[Available data — start]

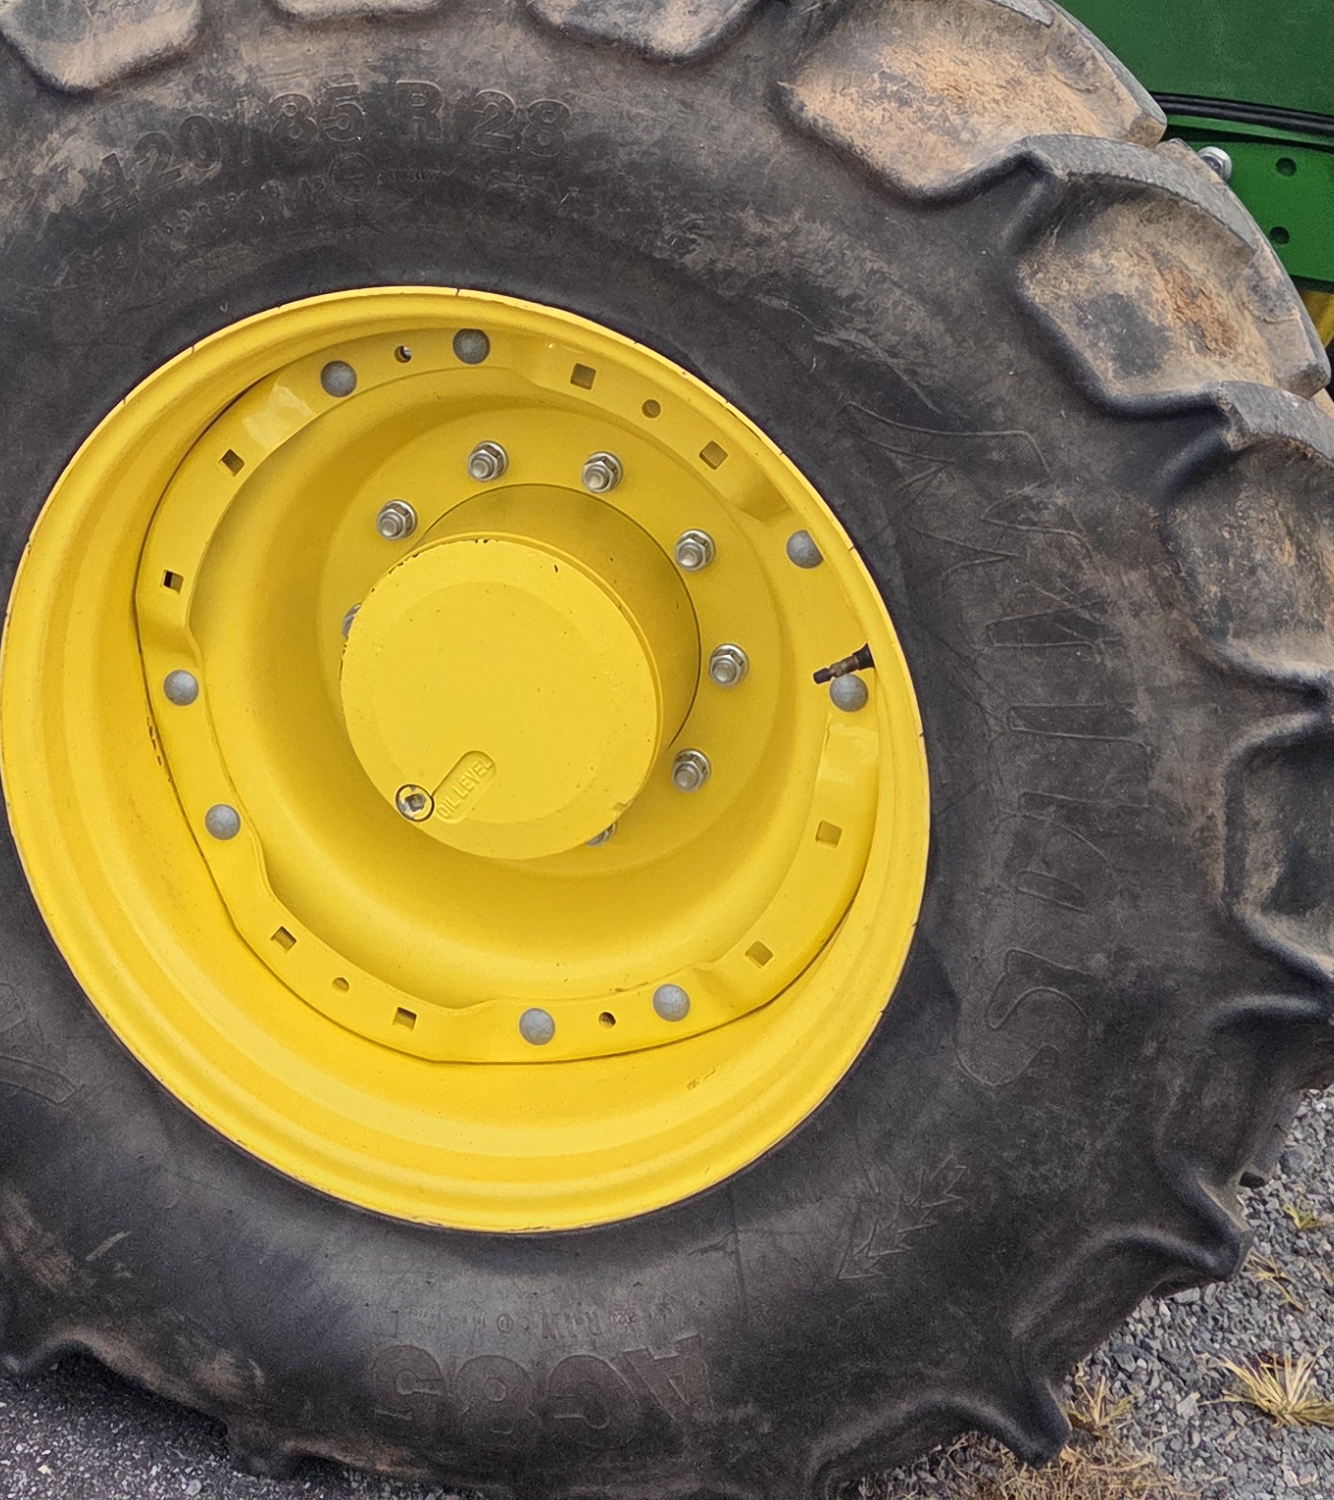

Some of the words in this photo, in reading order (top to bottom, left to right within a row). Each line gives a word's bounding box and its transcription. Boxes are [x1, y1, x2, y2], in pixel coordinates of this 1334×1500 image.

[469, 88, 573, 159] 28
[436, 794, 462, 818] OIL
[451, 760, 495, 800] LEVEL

[Available data — finish]
[Available data — start]

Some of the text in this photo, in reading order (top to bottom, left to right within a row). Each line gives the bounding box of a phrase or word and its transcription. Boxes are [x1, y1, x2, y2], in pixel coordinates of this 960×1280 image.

[Available data — finish]
[Available data — start]

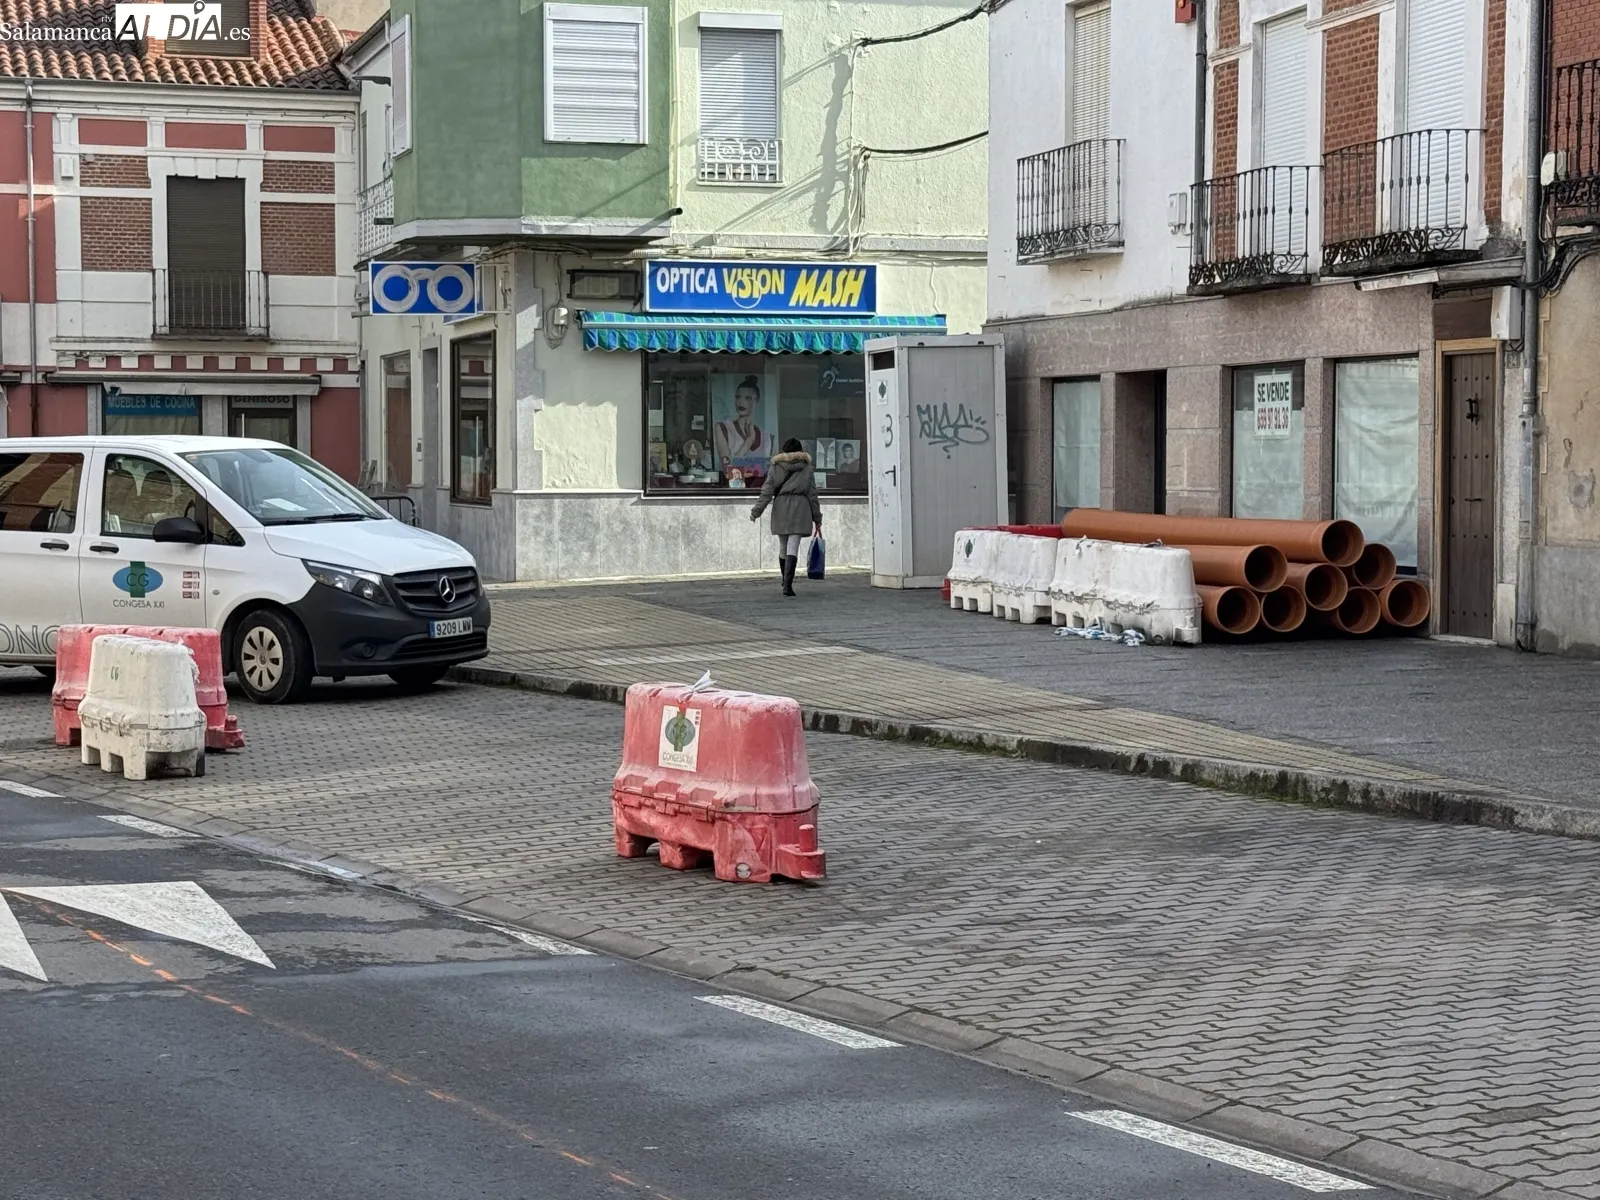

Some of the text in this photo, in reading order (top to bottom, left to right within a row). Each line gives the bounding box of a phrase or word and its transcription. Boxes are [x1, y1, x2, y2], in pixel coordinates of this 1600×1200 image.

[Available data — finish]

What to work on:
Where does the word "text" show up in the material? Copy out each line that has it.

Answer to the problem:
Some of the text in this photo, in reading order (top to bottom, left to right within a row). Each line gives the bounding box of a phrase or word and its transcription. Boxes are [x1, y1, x2, y2], in pixel coordinates of this 960×1280 image.
Some of the text in this photo, in reading order (top to bottom, left to right within a row). Each line gives the bounding box of a phrase or word and its transcription. Boxes are [x1, y1, x2, y2], in pixel coordinates of this 1600×1200 image.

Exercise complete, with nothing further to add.